Clinical Communications Penicillin stability in prefilled syringes for the purpose of skin testing for drug allergy Alka Garg, PhDa, Damien Chan, MBBS, DCH, FRACPb, Fotios Ambados, BPharmc, Ei Lwin, BPharmd, Yunmei Song, PhDe, and Sanjay Garg, PhDf Clinical Implications

 Dilutions of penicillin class drugs in syringes, as required for skin testing for drug allergy, are stable for 2 to 7 days. This study supports a change in clinical practice where reagents for penicillin skin prick tests and intradermal tests can be prepared in advance by pharmacy, improving safety and workflow.
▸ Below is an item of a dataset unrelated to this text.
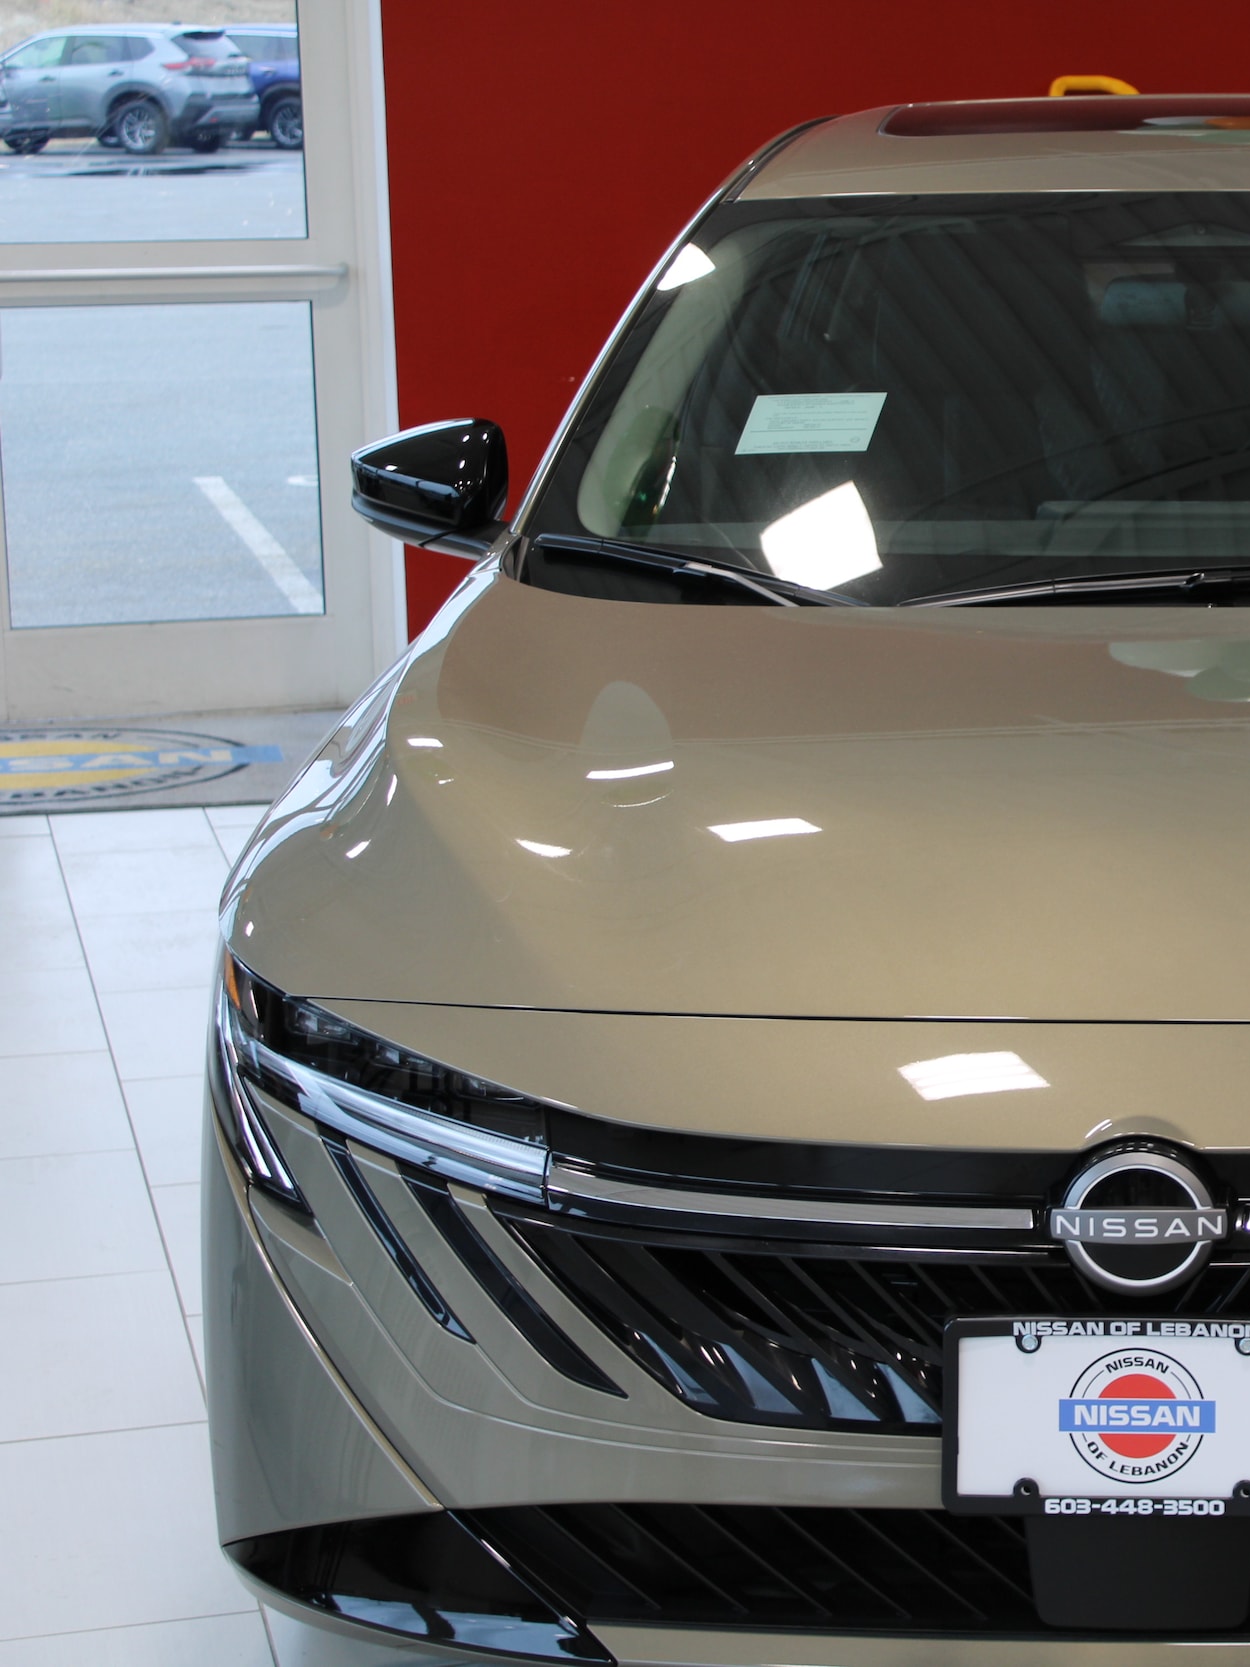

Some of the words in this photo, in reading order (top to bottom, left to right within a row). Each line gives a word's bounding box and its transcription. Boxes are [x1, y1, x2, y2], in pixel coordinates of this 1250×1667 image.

TO THE EDITOR: Up to 10% of the patients attending hospitals report an allergy to penicillin, though only about 6% to 10% of these have a true IgE-mediated allergy, proven by cutaneous tests and drug provocation.1,2 A label of penicillin allergy when a true allergy is not present often leads to lifelong avoidance of penicillin and related drugs.3 This leads to the use of less specific, more expensive antibiotics, contributing to increased adverse effects and antibiotic resistance. The negative predictive value for penicillin skin testing for immediate reaction is close to 100%, whereas the positive predictive value is between 40% and 100%.4 Diagnosis is currently confirmed using cutaneous tests (skin prick testing [SPT] and intradermal testing [IDT]) with penicilloyl poly-L-lysine (PPL) as the major determinant of benzylpenicillin and minor determinant mixture (MDM) containing benzylpenicillin, benzylpenicilloate, and benzylpenilloate.5,6 SPT and IDT, using penicillin dilutions and PPL and MDM, are widely recommended for testing immediate hypersensitivity to penicillin class antibiotics.7 In Europe, both PPL and MDM are available with Diater DAP (Madrid, Spain). In the United States, only PPL is available as PRE-PEN (AllerQuest LLC, Plainville, Conn). Traditionally, test reagents, including drug dilutions and allergic determinants, are made at the bedside by the allergist because there is no evidence of their stability in the syringes these are prepared in. This is a time-consuming, labor-intensive practice and limits the number of patients who can be tested at one time. Also, with multiple antibiotics, at multiple dilutions, errors can be made. If these dilutions could be prepared in advance in pharmacy under aseptic conditions and labeled appropriately, it would not only improve safety of testing but also contribute significantly to improving the workflow of allergy testing clinics and facilitate more patients being tested. There would be financial gains in terms of less drug wastage and time saved in preparing syringes for multiple patients together rather than one at a time. Table I8 details the reagents used for SPT for penicillin class antibiotics. Other drugs can be included on the basis of individual patient requirements.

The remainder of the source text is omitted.